## Your instructions
Reproduce the records below in full and word for word, excluding pictures.
** Data for processing follows **
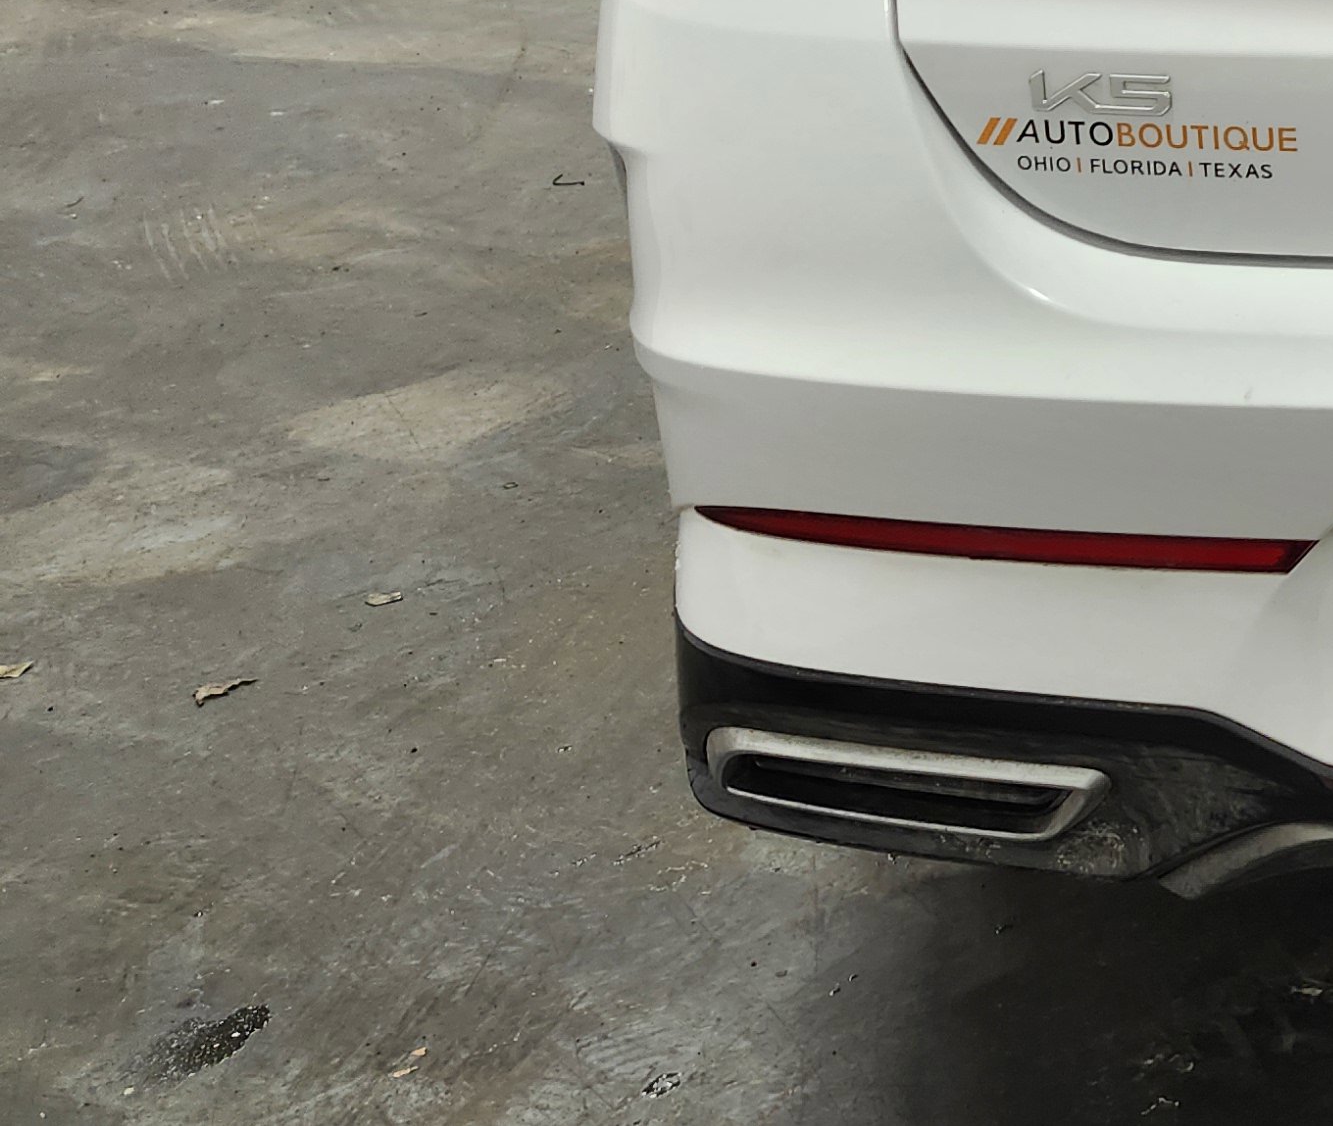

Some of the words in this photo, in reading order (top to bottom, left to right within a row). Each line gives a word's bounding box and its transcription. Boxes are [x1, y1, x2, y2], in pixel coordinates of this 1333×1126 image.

[1028, 68, 1173, 116] K5
[1017, 118, 1298, 152] AUTOBOUTIQUE
[1017, 155, 1071, 173] OHIO
[1089, 158, 1182, 177] FLORIDA
[1200, 162, 1273, 180] TEXAS
** End of Data for processing **
## Answer
Some of the words in this photo, in reading order (top to bottom, left to right within a row). Each line gives a word's bounding box and its transcription. Boxes are [x1, y1, x2, y2], in pixel coordinates of this 1333×1126 image.

[1028, 68, 1173, 116] K5
[1017, 118, 1298, 152] AUTOBOUTIQUE
[1017, 155, 1071, 173] OHIO
[1089, 158, 1182, 177] FLORIDA
[1200, 162, 1273, 180] TEXAS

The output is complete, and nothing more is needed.